Entries shown below:

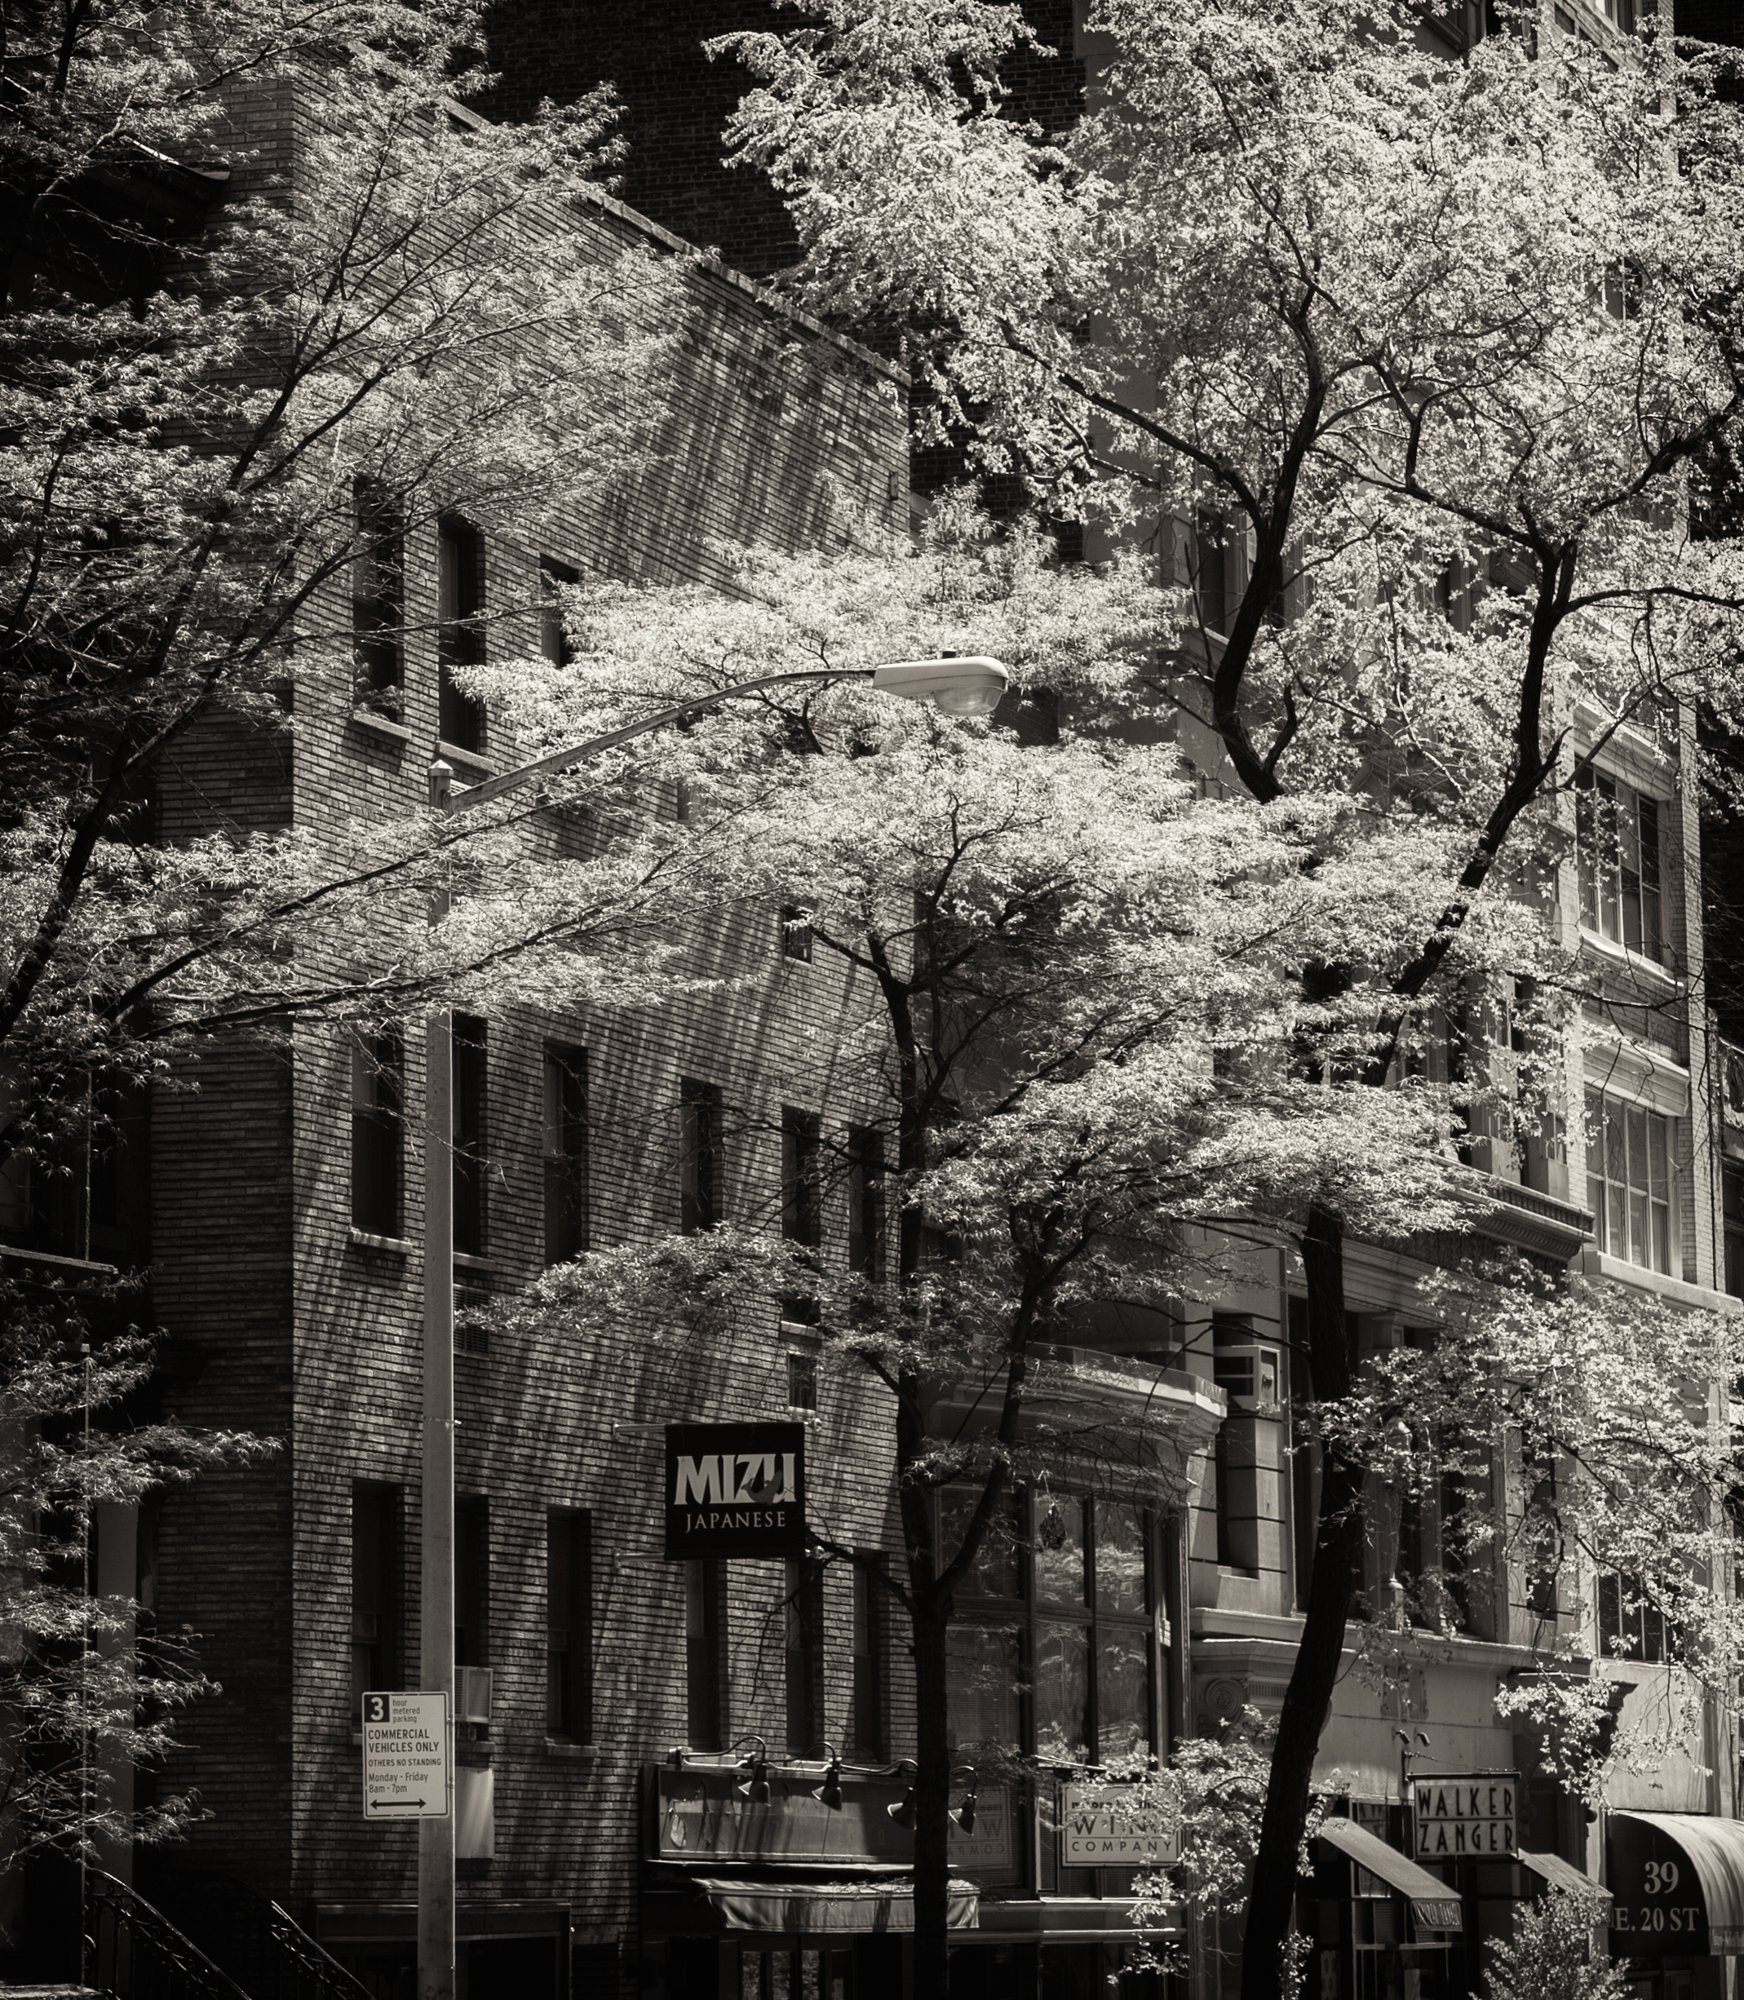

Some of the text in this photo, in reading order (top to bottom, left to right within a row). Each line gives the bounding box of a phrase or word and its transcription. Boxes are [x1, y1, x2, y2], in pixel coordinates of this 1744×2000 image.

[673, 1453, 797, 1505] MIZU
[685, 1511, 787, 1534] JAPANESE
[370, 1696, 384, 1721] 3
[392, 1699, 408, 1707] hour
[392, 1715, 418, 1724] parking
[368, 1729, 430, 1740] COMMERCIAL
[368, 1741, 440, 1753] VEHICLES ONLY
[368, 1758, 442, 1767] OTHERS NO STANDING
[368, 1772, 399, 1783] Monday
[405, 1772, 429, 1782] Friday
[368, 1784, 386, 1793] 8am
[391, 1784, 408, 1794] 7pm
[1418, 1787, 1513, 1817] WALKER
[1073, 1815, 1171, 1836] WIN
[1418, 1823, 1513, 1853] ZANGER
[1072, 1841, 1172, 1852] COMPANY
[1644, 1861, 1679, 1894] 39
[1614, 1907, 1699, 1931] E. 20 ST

End of Entries shown.

About this exercise: Repeat all of the entries above exactly. Keep pictures out of it.

Answer to the problem:
Some of the text in this photo, in reading order (top to bottom, left to right within a row). Each line gives the bounding box of a phrase or word and its transcription. Boxes are [x1, y1, x2, y2], in pixel coordinates of this 1744×2000 image.

[673, 1453, 797, 1505] MIZU
[685, 1511, 787, 1534] JAPANESE
[370, 1696, 384, 1721] 3
[392, 1699, 408, 1707] hour
[392, 1715, 418, 1724] parking
[368, 1729, 430, 1740] COMMERCIAL
[368, 1741, 440, 1753] VEHICLES ONLY
[368, 1758, 442, 1767] OTHERS NO STANDING
[368, 1772, 399, 1783] Monday
[405, 1772, 429, 1782] Friday
[368, 1784, 386, 1793] 8am
[391, 1784, 408, 1794] 7pm
[1418, 1787, 1513, 1817] WALKER
[1073, 1815, 1171, 1836] WIN
[1418, 1823, 1513, 1853] ZANGER
[1072, 1841, 1172, 1852] COMPANY
[1644, 1861, 1679, 1894] 39
[1614, 1907, 1699, 1931] E. 20 ST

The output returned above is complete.